Speaking purely hypothetically. 90% of the issues Claude finds are real. Many are minor. Some of the proposed fixes are wrong.
In completely unrelated news, the commits to my favorite project have increased substantially over the last few months.
I believe everything in the article. Fuzzing wouldn't have found these issues. Static analysis wouldn't have found these issues. I've been running those for decades. In 2026, they are completely inadequate for any project which has publicly available source code.
Even in situations with an overweight of false reports, if the LLM identify 1000 potential issues, then that is a manageable and finite set to sift through. It is a lot better than "here is the entire code base, have a look around for yourself".
Granted security researchers have good educated guesses for where one might typically find bugs, so the set is not quite "everything".
A counter point to that is that rare bugs hiding in blindspots not typically investigated by security researchers, can go undetected for a long time.
I expect to see an enormous wave of security bugs uncovered in the coming months
I want to know how many have already been uncovered and not reported.
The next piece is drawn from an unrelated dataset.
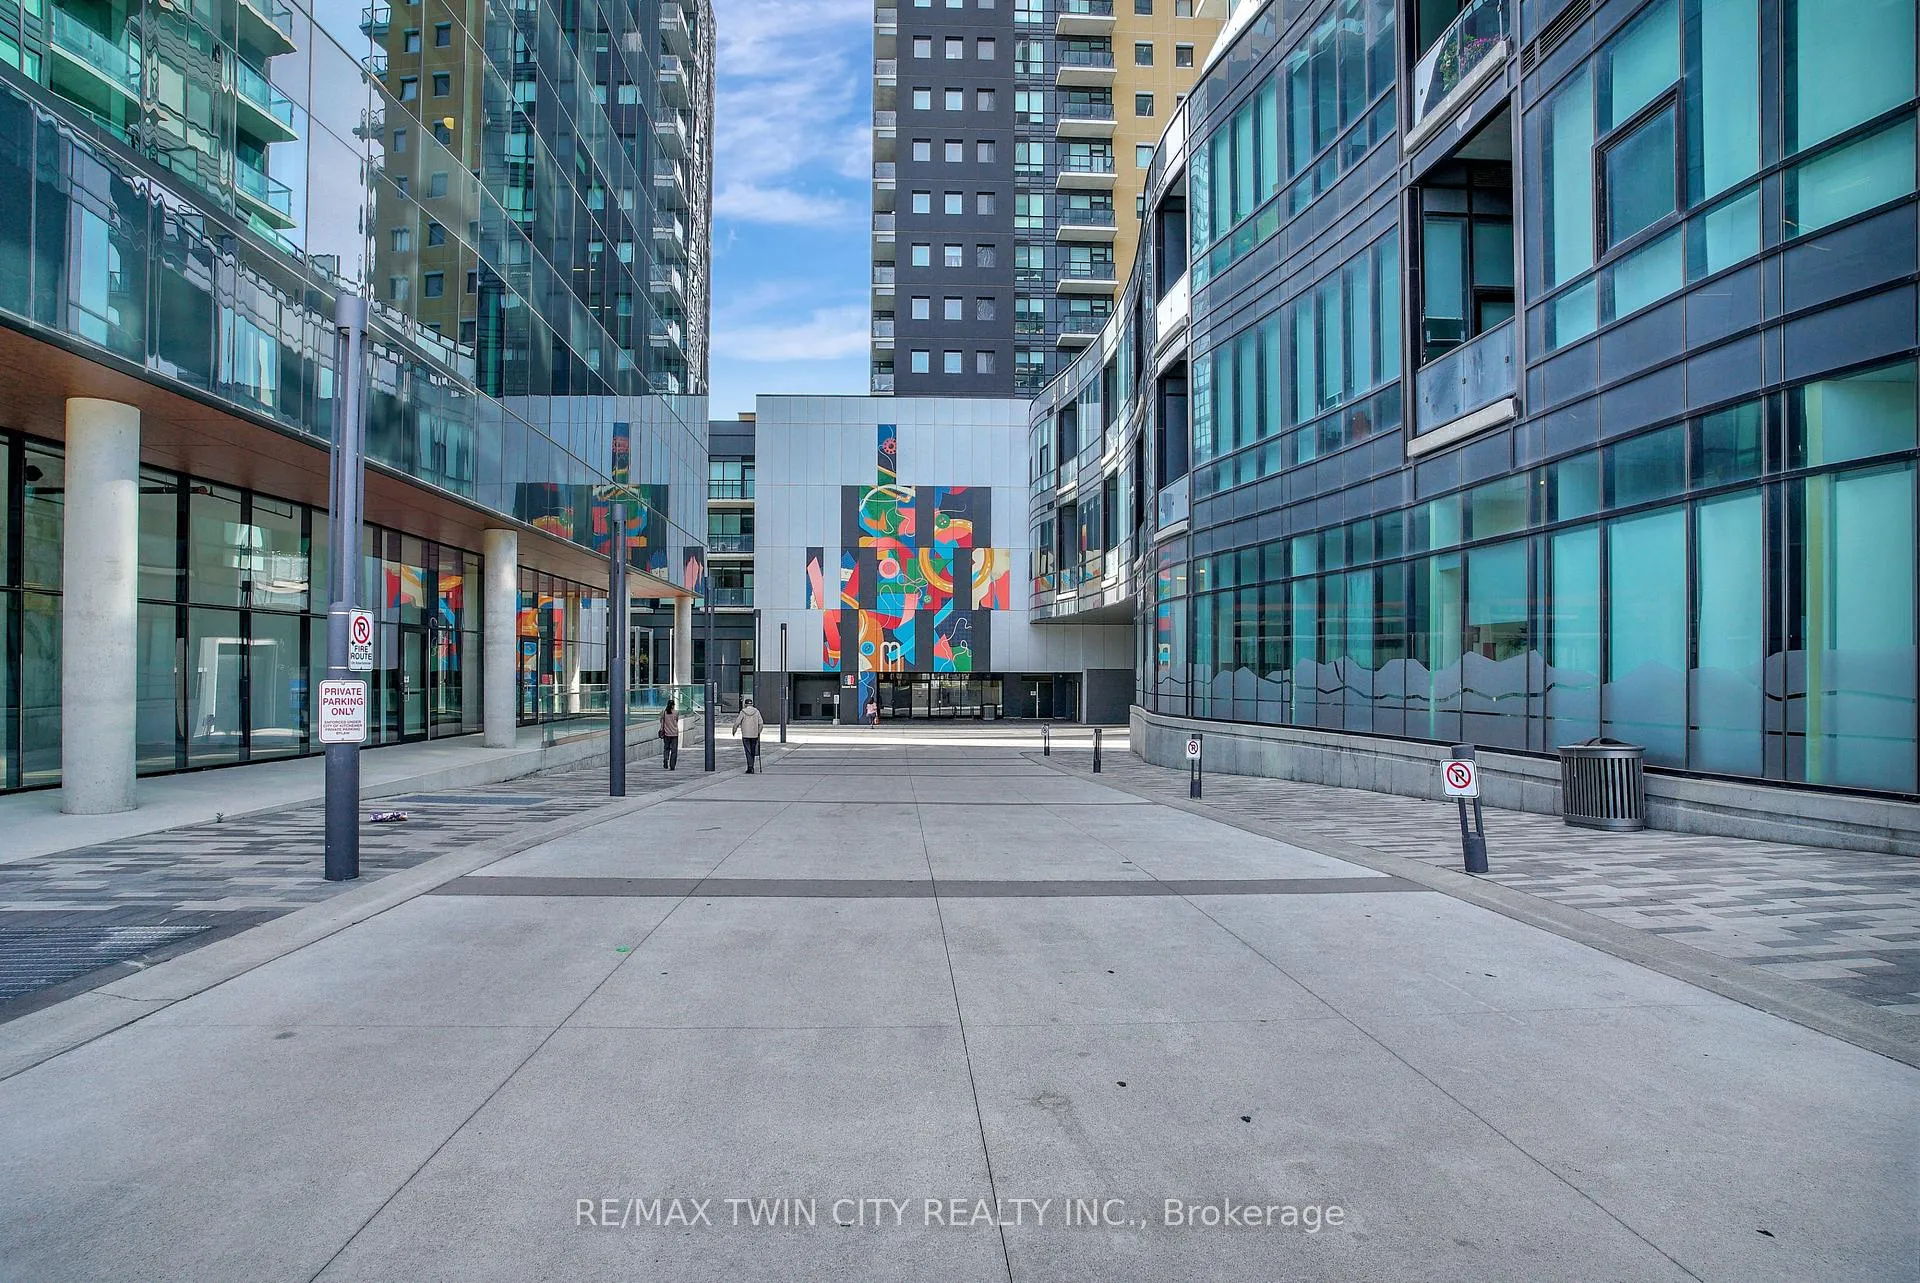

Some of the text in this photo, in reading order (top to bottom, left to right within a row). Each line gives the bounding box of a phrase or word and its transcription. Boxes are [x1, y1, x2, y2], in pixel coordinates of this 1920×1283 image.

The black hats have to be using these tools too. Are there any broad statistics about zero day prevalence that would show a trend in an increase in discovery of new exploits?
Nobody with a decent security posture runs NFS, ever. Finding flaws in NFS "security" (especially on Linux) has always been shooting fish in a barrel with dynamite sticks. I'm amazed that the bug Claude coughed up was this subtle; I would have expected something much more obvious.
I'd be more interested if Claude coughed up stuff in the Linux scheduler or memory management subsystems. Those are very dangerous places to have bugs and have had lots of eyes staring at them for a long time.
The original talk is found here: https://www.youtube.com/watch?v=1sd26pWhfmg
Finds a SQL bug for Ghost.
About the actual NFS semantics, wonder why server should send information about current lock owner! Makes sense only in debug mode or when troubleshooting, could very well be a new NFS OP to get lock info.
I don't think the age of the bug is necessarily of relevance here; how much was this path tested (from a security PoV)? Also, somehow this bug reminded me of Antithesis, and specifically a couple of bugs discovered in etcd.